(What to do) Every record that follows must be duplicated exactly, with images left out.

Referring expression grounding data

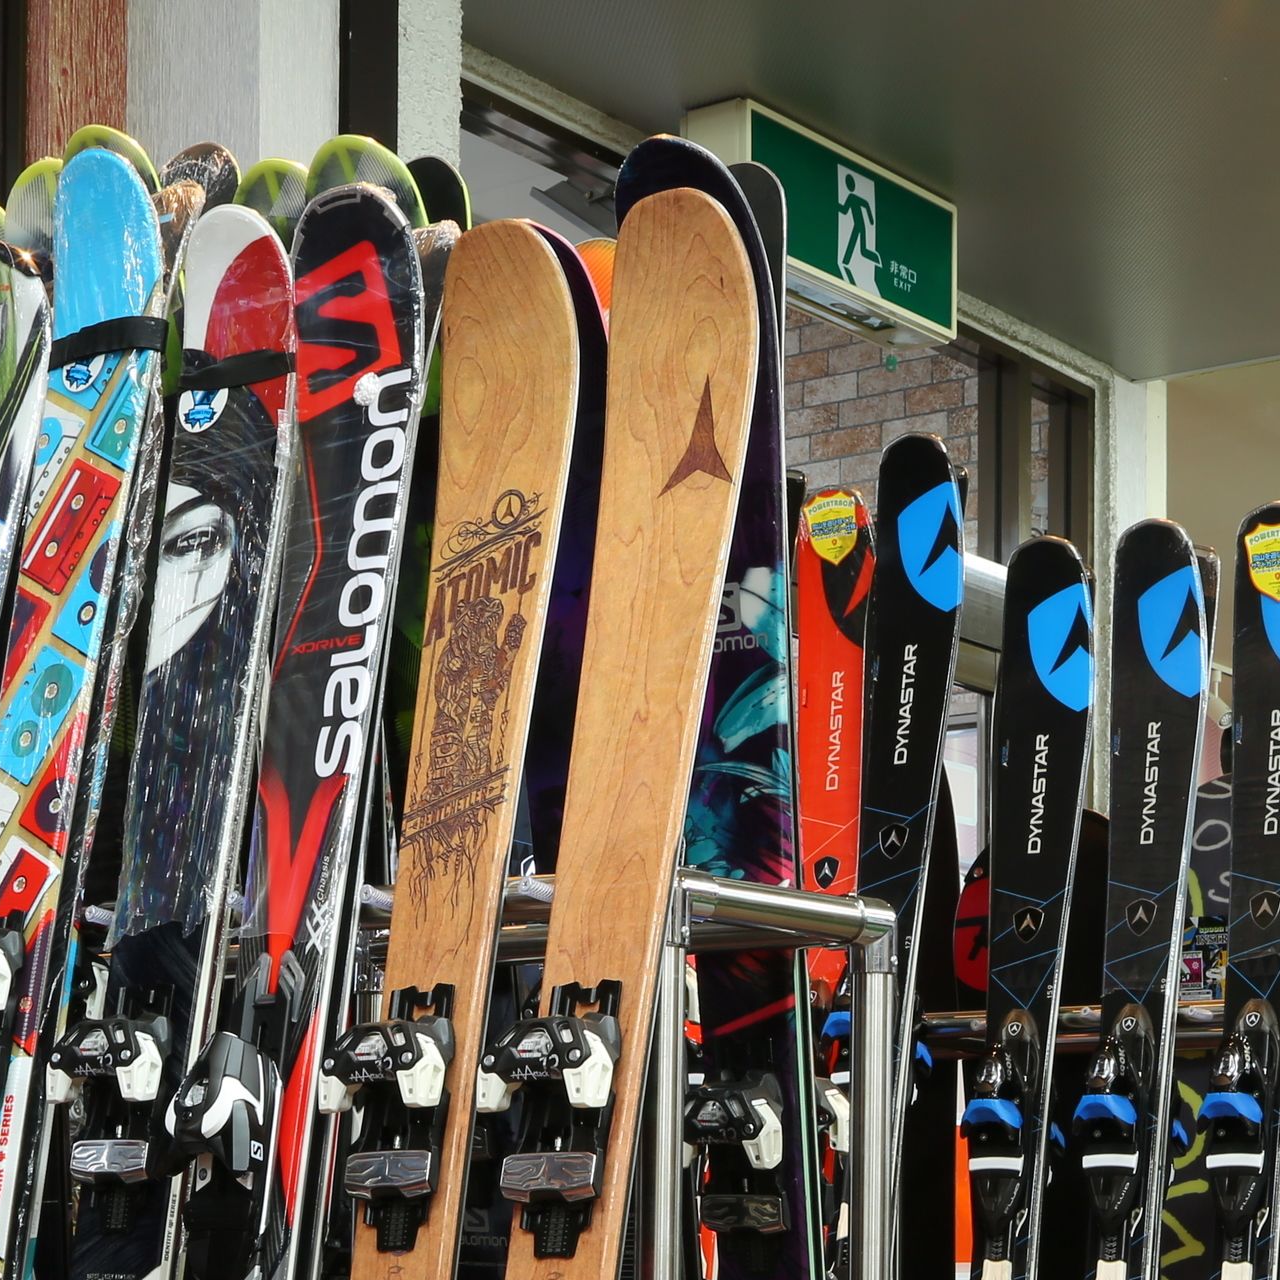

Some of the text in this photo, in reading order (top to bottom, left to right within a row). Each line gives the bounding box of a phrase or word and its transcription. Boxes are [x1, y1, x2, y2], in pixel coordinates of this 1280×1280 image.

[890, 260, 917, 284] 非常口
[894, 278, 912, 293] EXIT
[314, 368, 412, 778] salomon
[423, 531, 542, 649] ATOMIC
[713, 632, 769, 653] omon
[826, 671, 845, 791] DYNASTAR
[894, 644, 918, 765] DYNASTAR
[1027, 733, 1050, 854] DYNASTAR
[1140, 721, 1162, 845] DYNASTAR
[0, 1094, 15, 1146] SERIES
[463, 1236, 507, 1248] alomon

(Response area)
Some of the text in this photo, in reading order (top to bottom, left to right within a row). Each line gives the bounding box of a phrase or word and its transcription. Boxes are [x1, y1, x2, y2], in pixel coordinates of this 1280×1280 image.

[890, 260, 917, 284] 非常口
[894, 278, 912, 293] EXIT
[314, 368, 412, 778] salomon
[423, 531, 542, 649] ATOMIC
[713, 632, 769, 653] omon
[826, 671, 845, 791] DYNASTAR
[894, 644, 918, 765] DYNASTAR
[1027, 733, 1050, 854] DYNASTAR
[1140, 721, 1162, 845] DYNASTAR
[0, 1094, 15, 1146] SERIES
[463, 1236, 507, 1248] alomon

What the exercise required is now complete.